Single by Alex Lahey

from the album I Love You Like a Brother
- Released: 28 July 2017
- Length: 3:10
- Label: Alex Lahey, Nicky Boy Records
- Songwriter(s): Alex Lahey

Alex Lahey singles chronology
| "Wes Anderson" (2017) | "Every Day's the Weekend" (2017) | "Lotto in Reverse" (2017) |

Music video
- "Every Day's the Weekend" on YouTube

= Every Day's the Weekend =

"Every Day's the Weekend" is a song by Australian recording artist Alex Lahey. The song was released in July 2017 as the lead single from Lahey's debut studio album, I Love You Like a Brother, and was certified gold in 2019.

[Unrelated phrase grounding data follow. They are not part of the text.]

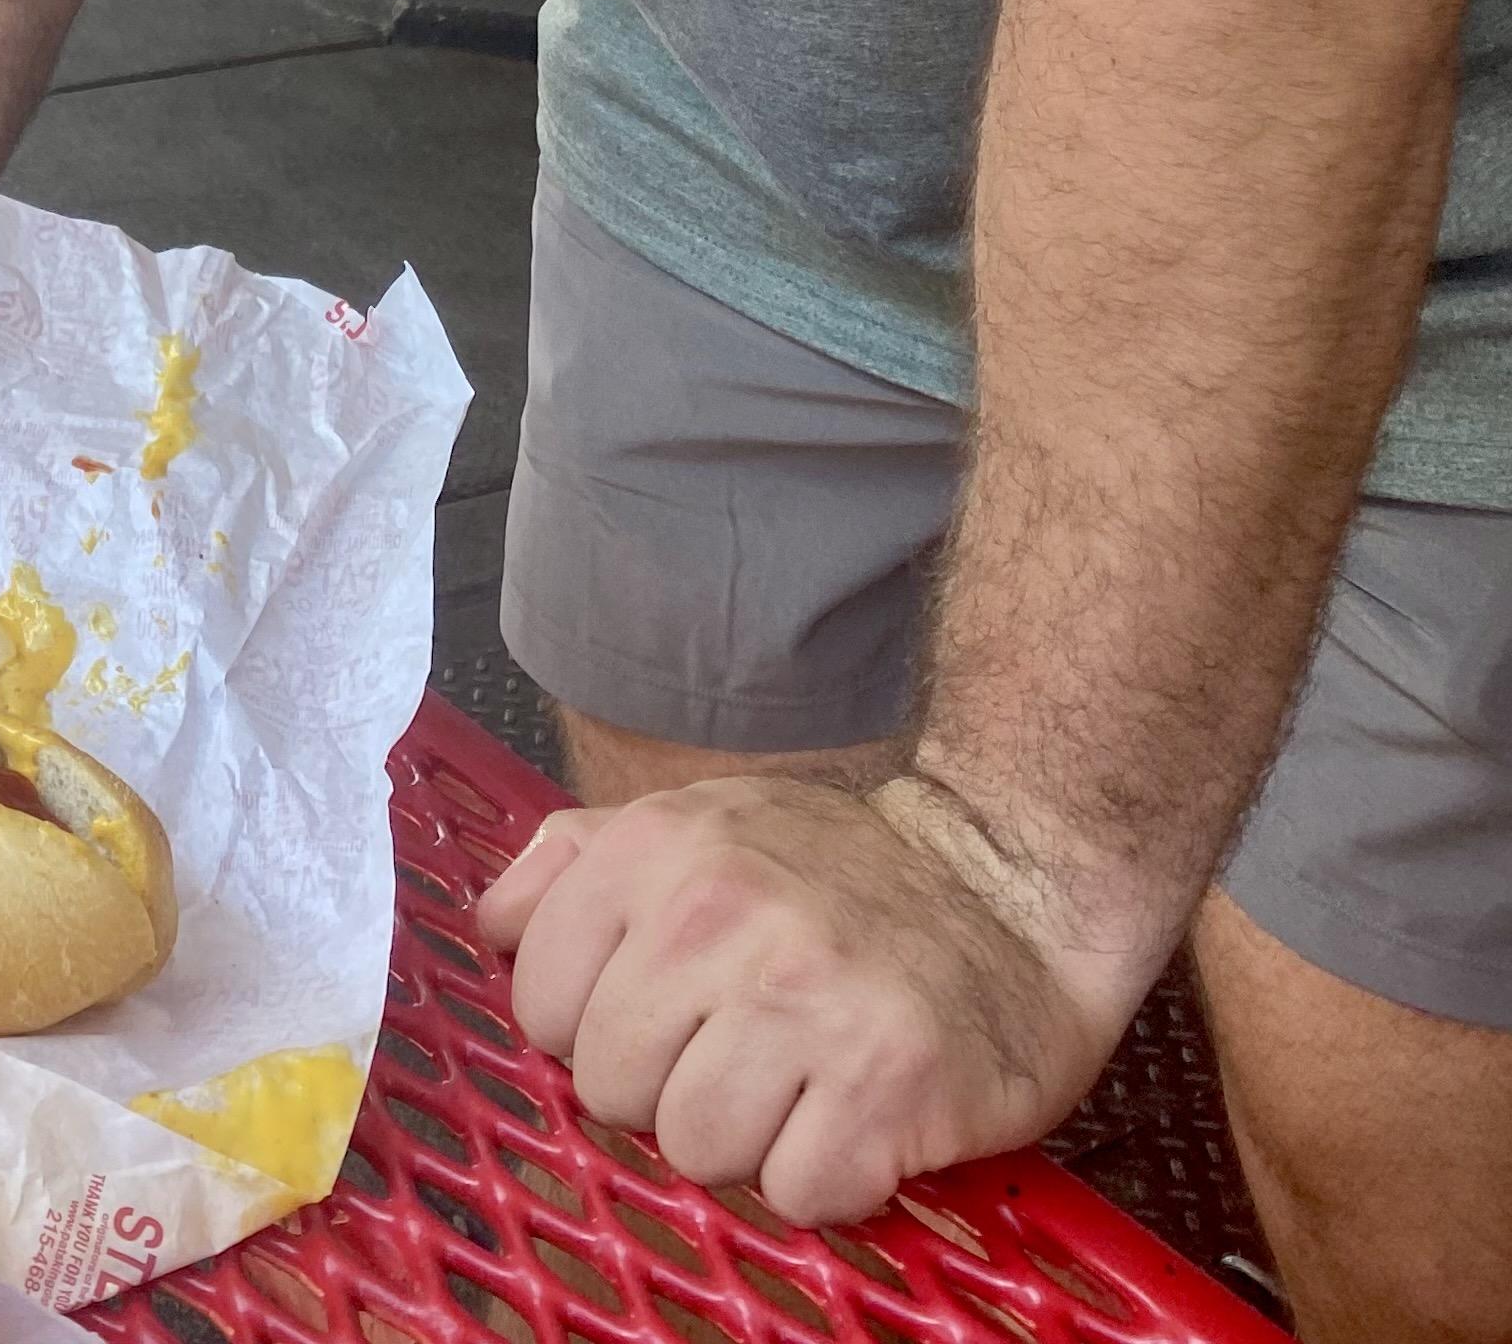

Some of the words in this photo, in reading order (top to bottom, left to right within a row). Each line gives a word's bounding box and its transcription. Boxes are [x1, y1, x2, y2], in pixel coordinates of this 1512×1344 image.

[81, 1173, 106, 1222] THANK
[24, 1207, 63, 1295] 215-468-
[73, 1222, 93, 1254] YOU
[61, 1254, 84, 1287] FOR
[53, 1289, 73, 1312] YOU

Upon release, Lahey said "I wrote it about that feeling when you really like someone, you're hanging out all the time, and the rest of your life falls by the wayside. It's almost like, 'oh I'm just going to pull a sickie and hang out', that sort of vibe. So, the song is about losing sight of maybe what's important to you as an individual for the supposed benefit of maybe spending time with someone else."

At the AIR Awards of 2018, the song won Best Independent Single.

==Certification==

| Region | Certification | Certified units/sales |
| Australia (ARIA) | Gold | 35,000^{‡} |
^{‡} Sales+streaming figures based on certification alone.